___ Dataset excerpts ___

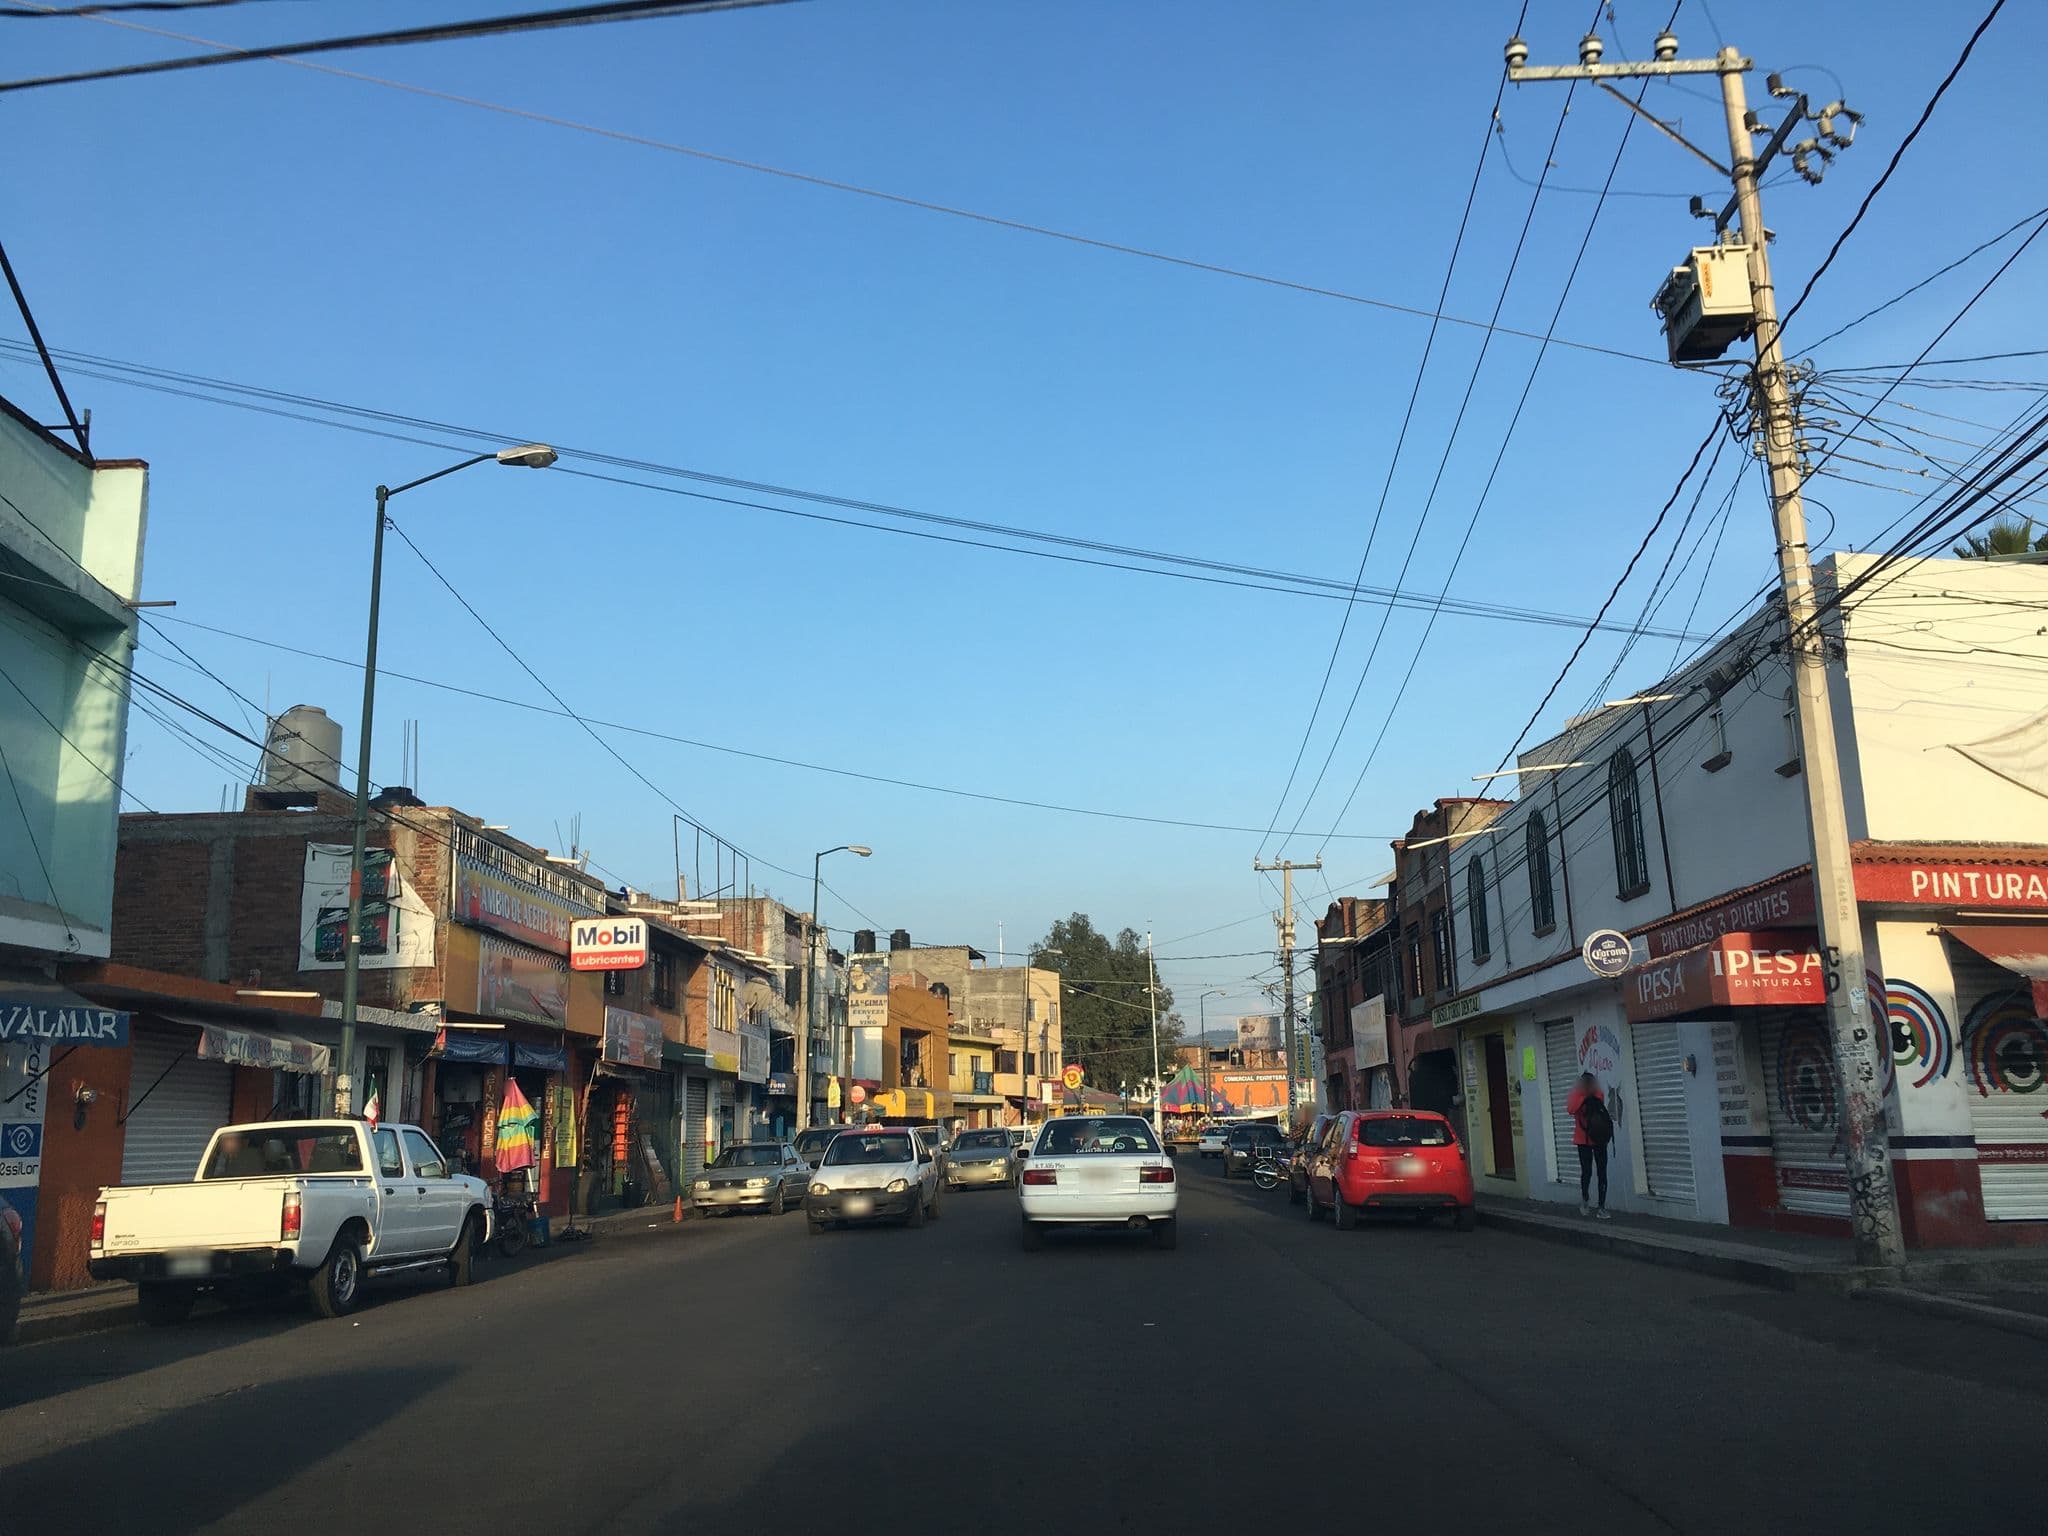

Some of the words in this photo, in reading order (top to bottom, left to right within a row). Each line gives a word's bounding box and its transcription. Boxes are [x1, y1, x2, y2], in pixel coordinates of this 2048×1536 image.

[1911, 870, 2048, 900] PINTURA
[577, 925, 640, 946] Mobil
[1661, 917, 1714, 953] PINTURAS
[1716, 912, 1727, 935] 3
[1730, 890, 1790, 930] PUENTES
[576, 955, 640, 966] Lubricantes
[1591, 948, 1627, 960] Corona
[1711, 944, 1823, 977] IPESA
[1637, 962, 1686, 1004] IPESA
[1734, 977, 1813, 988] PINTURAS
[0, 1006, 118, 1039] VALMAR
[484, 1072, 496, 1149] AFINACIONES

___

• **Brief**: Please write the material out again exactly as shown above, minus any pictures.

• **Result for this exercise**:
Some of the words in this photo, in reading order (top to bottom, left to right within a row). Each line gives a word's bounding box and its transcription. Boxes are [x1, y1, x2, y2], in pixel coordinates of this 2048×1536 image.

[1911, 870, 2048, 900] PINTURA
[577, 925, 640, 946] Mobil
[1661, 917, 1714, 953] PINTURAS
[1716, 912, 1727, 935] 3
[1730, 890, 1790, 930] PUENTES
[576, 955, 640, 966] Lubricantes
[1591, 948, 1627, 960] Corona
[1711, 944, 1823, 977] IPESA
[1637, 962, 1686, 1004] IPESA
[1734, 977, 1813, 988] PINTURAS
[0, 1006, 118, 1039] VALMAR
[484, 1072, 496, 1149] AFINACIONES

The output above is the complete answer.